Another lion loomed suddenly in front of her, jaws open, snarling. This was a male, the same one they’d fought at the cabin; she could tell because the side of his face was lumpy with wasp stings. One of his eyes was swollen shut.
Vicious satisfaction filled her. I hope it hurt, asshole.
He swung for her with a big paw. She veered aside, thinking of little now except getting away. The trees ended and she found herself in the edge of the stump field. There was no cover and the Fallons were right behind her.
Could she make the boat from here? No, the open ground favored the lions, with their long legs. But she couldn’t double back; she’d lose her lead.
Instead, she streaked toward the cabins. The lynx had one other advantage over bigger predators: it could fit into spaces they could not. She wished she’d thought of it sooner. She might have been able to scope out a place to hide. Now she aimed for the camp in the hope that something would present itself.

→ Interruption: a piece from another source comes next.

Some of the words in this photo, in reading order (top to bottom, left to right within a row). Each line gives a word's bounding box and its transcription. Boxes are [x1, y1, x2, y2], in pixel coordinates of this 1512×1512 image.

To her gratified surprise, something did: the cabin roofs. They were low, with a shallow pitch. She couldn’t jump all the way from the ground to the roof, but she leaped onto a propane tank behind the cabin on the end, and from there to the roof of the woodshed, and on up to the cabin’s tin roof.

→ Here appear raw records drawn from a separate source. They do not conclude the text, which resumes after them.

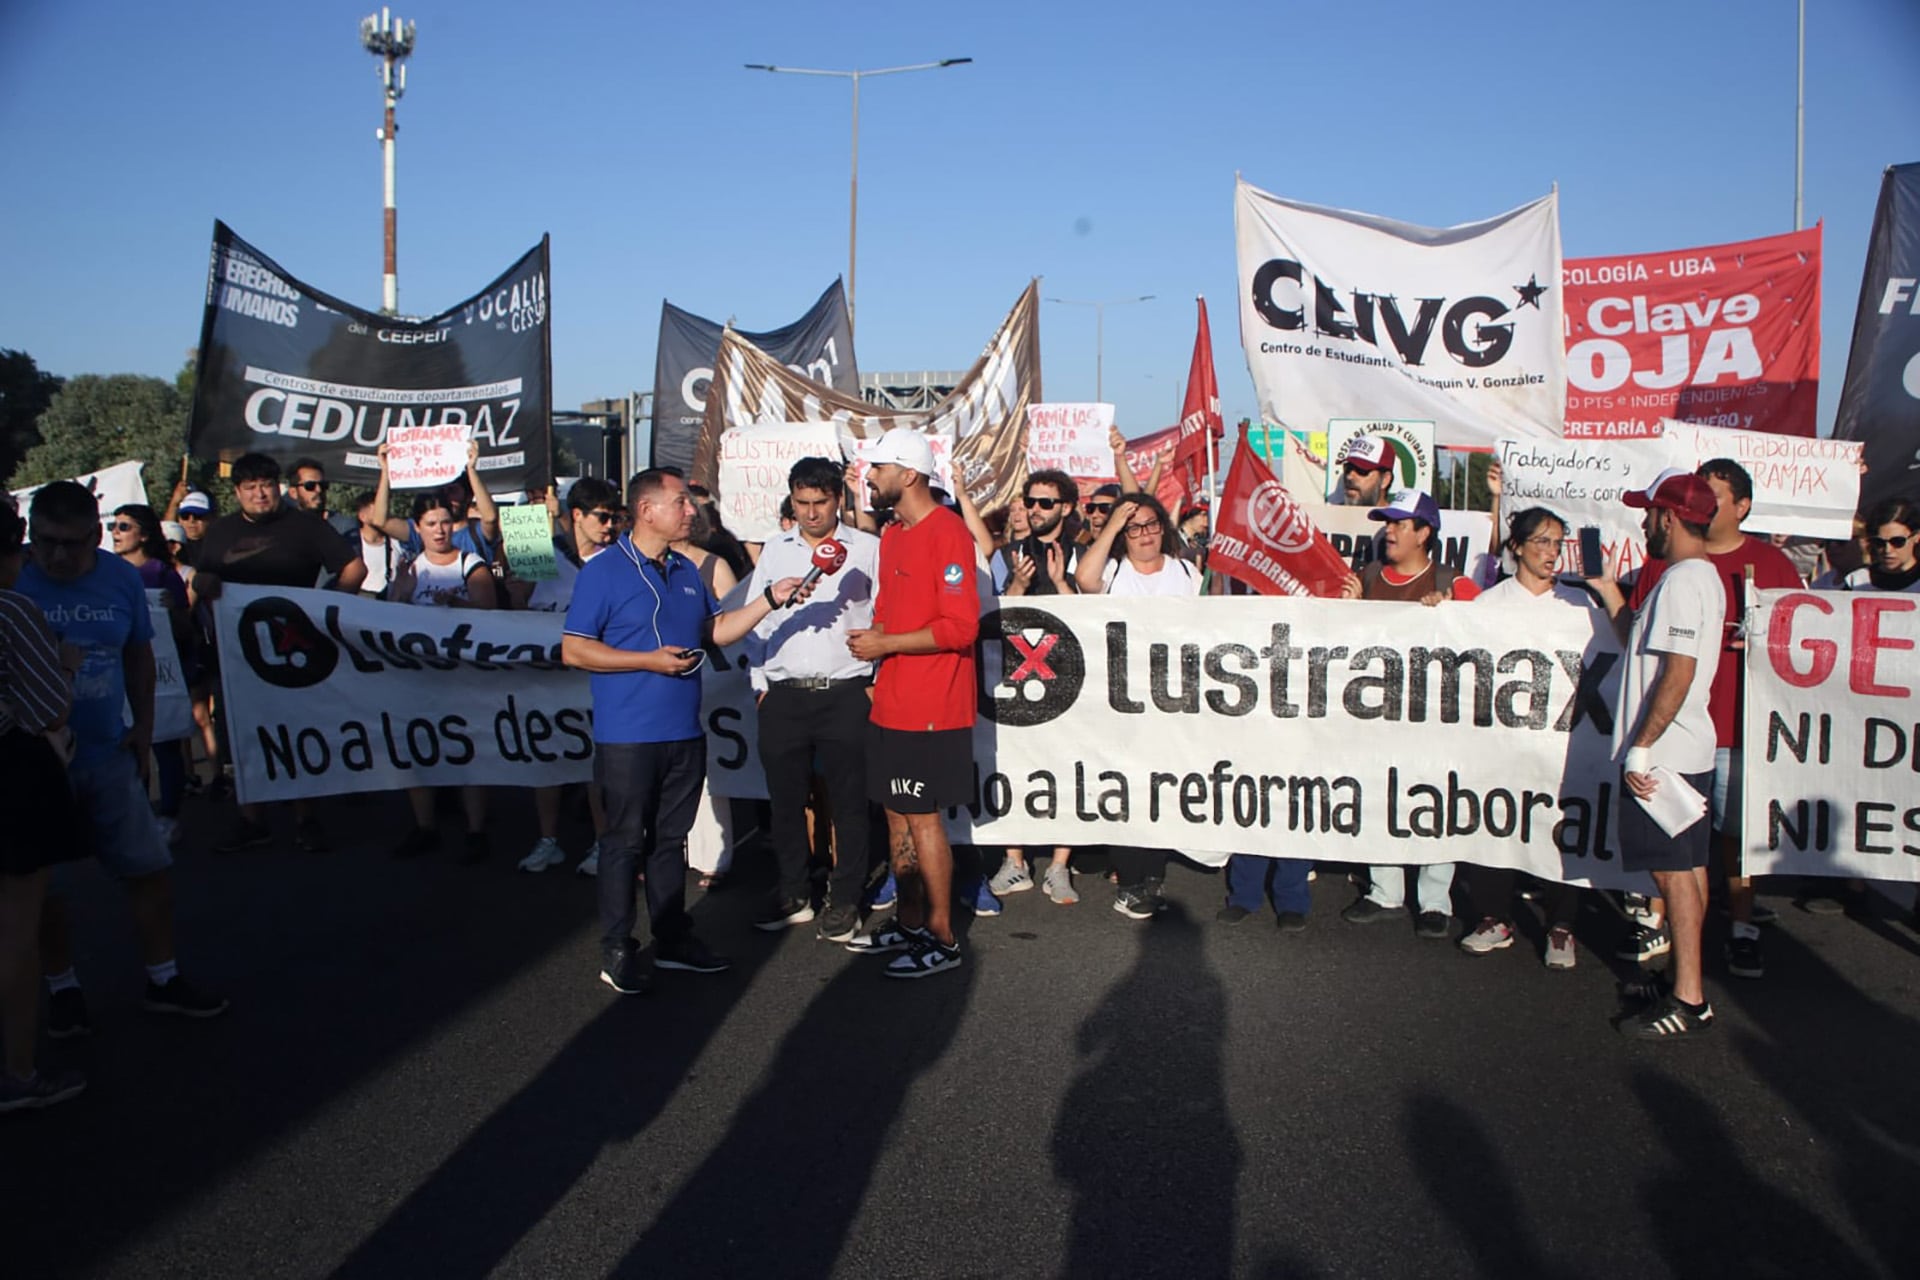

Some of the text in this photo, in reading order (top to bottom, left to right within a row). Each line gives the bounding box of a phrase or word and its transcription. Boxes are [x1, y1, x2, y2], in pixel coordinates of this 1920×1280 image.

[1669, 257, 1716, 277] UBA
[1878, 278, 1920, 314] F
[1587, 293, 1760, 336] Clave
[1260, 341, 1302, 355] Centro
[1306, 345, 1322, 357] de
[1325, 348, 1395, 369] Estudiant
[1466, 377, 1479, 390] V.
[1483, 373, 1545, 389] González
[1567, 326, 1763, 393] OJA
[265, 372, 509, 402] Centros de estudiantes departamentales
[1584, 396, 1614, 409] PTS
[1631, 381, 1768, 409] INDEPENDIENTES
[1367, 421, 1395, 433] SALUD
[1652, 422, 1664, 435] d
[1501, 439, 1612, 475] Trabajadorxs
[44, 603, 115, 624] dyGraf
[257, 694, 748, 780] No a los dess
[1767, 710, 1920, 773] NI D
[890, 777, 925, 798] NIKE
[1024, 770, 1057, 819] a
[1075, 760, 1129, 823] la
[1149, 760, 1361, 837] reforma
[1387, 766, 1613, 861] laboral
[1768, 799, 1829, 851] NI
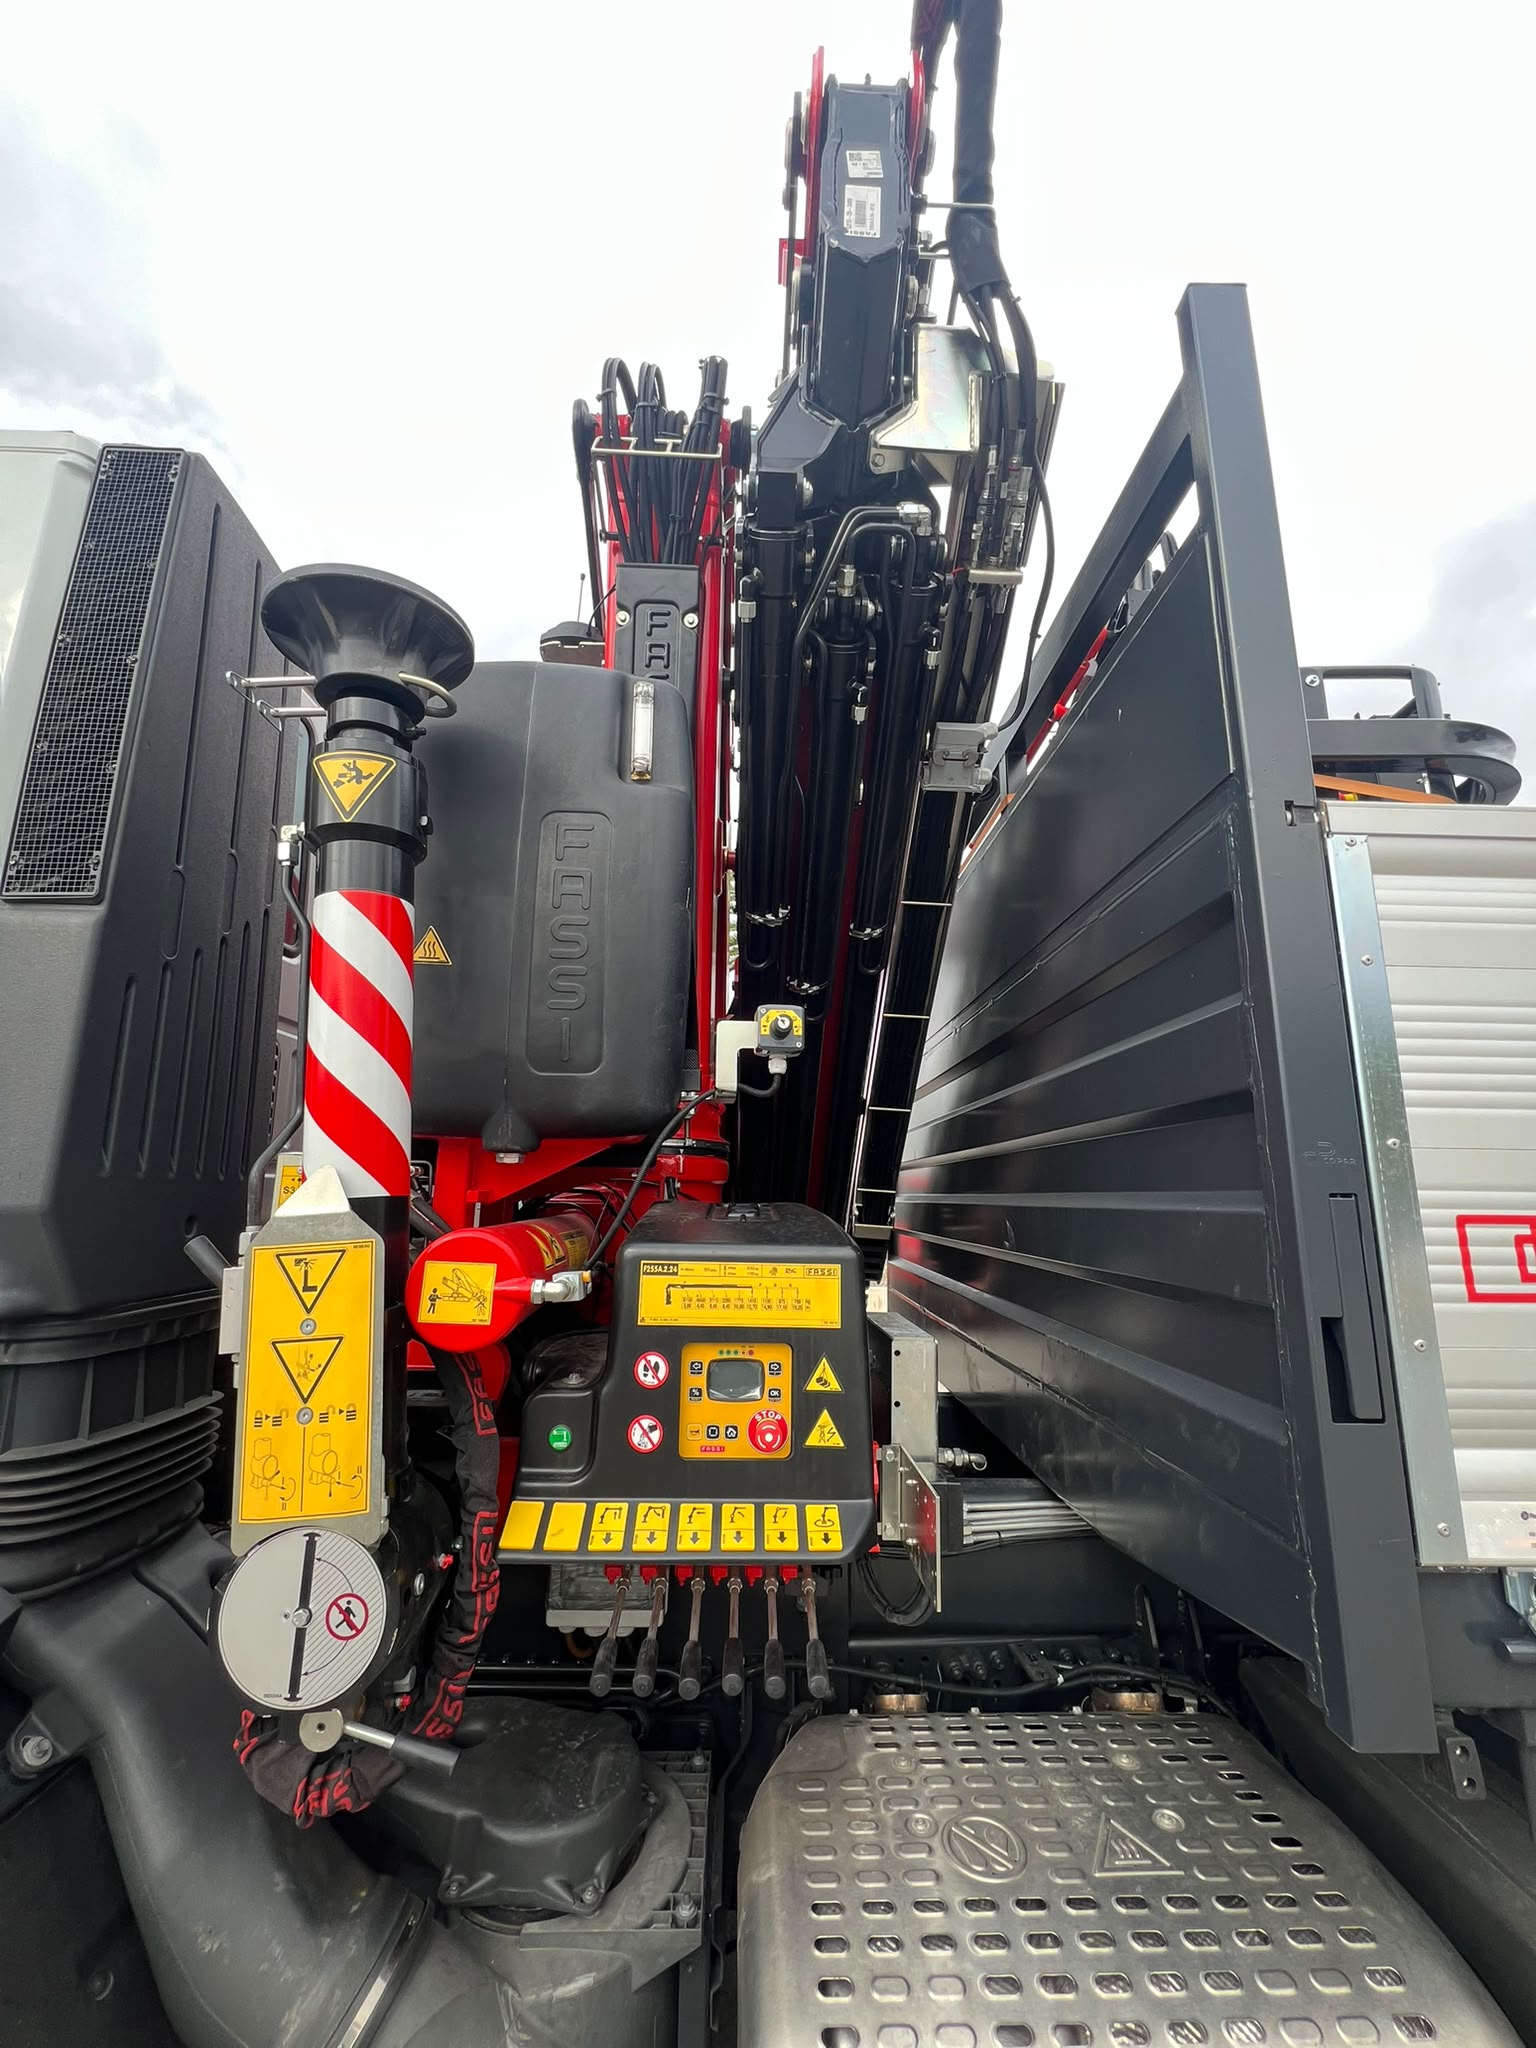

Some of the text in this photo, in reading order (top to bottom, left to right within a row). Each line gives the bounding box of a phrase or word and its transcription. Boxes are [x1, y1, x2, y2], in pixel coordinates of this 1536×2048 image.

[644, 610, 672, 679] FA
[545, 822, 595, 1063] FASSI
[643, 1264, 678, 1274] F255A.2.24
[754, 1410, 783, 1422] STOP

Her claws scraped uncomfortably on the metal, but she was able to avoid sliding off as long as she didn’t stop. She scrambled all the way to the top and crouched on the peak of the roof, ears flat and stubby tail twitching.
She didn’t think the lions could replicate her feat. They were too big and heavy.
The two male lions loped up to the cabin and circled around it, looking up at her, annoyed and confused. Roger shifted first. The one with the wasp-stung face, who had to be Rory, stayed in lion form and paced back and forth, rumbling a low growl.
“See, this is what I’m talking about,” Roger said, gazing up at Casey with his arms crossed. “I wondered if it was just the fed’s influence, but no, it’s you, too. You’re good at this. I had no idea you’d be this good. Heck, maybe you’re the brains of the pair.”
Casey hissed at him.
Roger smiled. This time, it was a cold mockery of the friendly salesman’s grin he’d worn earlier. Blood trickled down the side of his face where she’d marked him with her claws.
“Sure I can’t convince you to take my offer? Okay, I admit, I was stretching the truth a bit earlier. I didn’t bring you out here with the intention of vetting you for anything. But I meant it when I said we’d hire you.” He raised a hand, wiped casually at the blood on his cheek, then glanced down at his red-stained fingers. “I think someone with your skills would be a marvelous asset to the pride. Not part of the pride, of course, but a very useful assistant.”
As if! Casey hissed again, hoping her body language said it all. If she could flip him off with cat paws, she’d be doing with all four feet.
“Oh, Roger, do stop toying with the prey,” a woman’s voice said.
Mara Fallon marched into view—or limped, rather, seeming considerably the worse for wear after tangling with Jack. Unlike her brothers, she showed no inclination to shift this time. She was dressed in loose sweats, with her hair pulled back in a sloppy ponytail.
She was also carrying a hunting rifle with a scope.
Casey’s stomach went cold.
“Now,” Mara went on, raising the rifle to point at Casey. “Let’s stop messing around, take care of both of them, and get back to a place that has hot showers and decent restaurants.”